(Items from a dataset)
• • • •

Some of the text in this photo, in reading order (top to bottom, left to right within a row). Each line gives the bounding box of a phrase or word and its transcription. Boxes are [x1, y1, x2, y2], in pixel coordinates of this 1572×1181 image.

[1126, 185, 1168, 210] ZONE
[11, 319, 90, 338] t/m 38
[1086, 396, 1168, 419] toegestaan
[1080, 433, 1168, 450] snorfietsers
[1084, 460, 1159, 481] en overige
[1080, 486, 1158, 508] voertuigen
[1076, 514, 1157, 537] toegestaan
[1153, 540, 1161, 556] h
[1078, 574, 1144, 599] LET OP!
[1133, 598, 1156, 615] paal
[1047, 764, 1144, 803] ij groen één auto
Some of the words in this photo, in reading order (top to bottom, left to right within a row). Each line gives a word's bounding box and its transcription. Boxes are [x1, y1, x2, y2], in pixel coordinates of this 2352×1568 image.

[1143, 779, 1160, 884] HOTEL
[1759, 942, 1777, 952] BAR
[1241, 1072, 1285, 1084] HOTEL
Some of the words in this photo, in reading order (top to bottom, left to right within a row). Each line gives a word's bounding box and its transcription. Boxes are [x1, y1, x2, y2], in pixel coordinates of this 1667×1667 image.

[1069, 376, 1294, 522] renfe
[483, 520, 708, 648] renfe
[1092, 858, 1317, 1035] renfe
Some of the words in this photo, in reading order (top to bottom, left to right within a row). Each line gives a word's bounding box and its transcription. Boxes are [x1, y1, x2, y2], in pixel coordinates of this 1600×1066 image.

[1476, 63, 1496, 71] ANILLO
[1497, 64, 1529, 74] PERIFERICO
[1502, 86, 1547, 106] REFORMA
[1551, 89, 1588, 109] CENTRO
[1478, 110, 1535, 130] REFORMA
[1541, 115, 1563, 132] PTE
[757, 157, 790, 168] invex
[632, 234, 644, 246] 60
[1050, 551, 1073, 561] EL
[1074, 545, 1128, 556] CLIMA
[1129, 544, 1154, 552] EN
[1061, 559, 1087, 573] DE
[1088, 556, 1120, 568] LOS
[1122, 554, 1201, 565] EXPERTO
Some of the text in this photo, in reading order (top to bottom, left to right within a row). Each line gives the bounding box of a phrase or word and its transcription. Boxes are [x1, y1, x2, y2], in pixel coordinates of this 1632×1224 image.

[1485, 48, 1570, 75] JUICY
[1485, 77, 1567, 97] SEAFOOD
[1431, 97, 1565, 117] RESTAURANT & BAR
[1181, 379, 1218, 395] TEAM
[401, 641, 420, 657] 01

• • • •

_Exercise aim_: Print nothing but the lines from the one that contains "this 1600×1066 image." to the final line of the data, both included, exactly as they read.

_Output_:
Some of the words in this photo, in reading order (top to bottom, left to right within a row). Each line gives a word's bounding box and its transcription. Boxes are [x1, y1, x2, y2], in pixel coordinates of this 1600×1066 image.

[1476, 63, 1496, 71] ANILLO
[1497, 64, 1529, 74] PERIFERICO
[1502, 86, 1547, 106] REFORMA
[1551, 89, 1588, 109] CENTRO
[1478, 110, 1535, 130] REFORMA
[1541, 115, 1563, 132] PTE
[757, 157, 790, 168] invex
[632, 234, 644, 246] 60
[1050, 551, 1073, 561] EL
[1074, 545, 1128, 556] CLIMA
[1129, 544, 1154, 552] EN
[1061, 559, 1087, 573] DE
[1088, 556, 1120, 568] LOS
[1122, 554, 1201, 565] EXPERTO
Some of the text in this photo, in reading order (top to bottom, left to right within a row). Each line gives the bounding box of a phrase or word and its transcription. Boxes are [x1, y1, x2, y2], in pixel coordinates of this 1632×1224 image.

[1485, 48, 1570, 75] JUICY
[1485, 77, 1567, 97] SEAFOOD
[1431, 97, 1565, 117] RESTAURANT & BAR
[1181, 379, 1218, 395] TEAM
[401, 641, 420, 657] 01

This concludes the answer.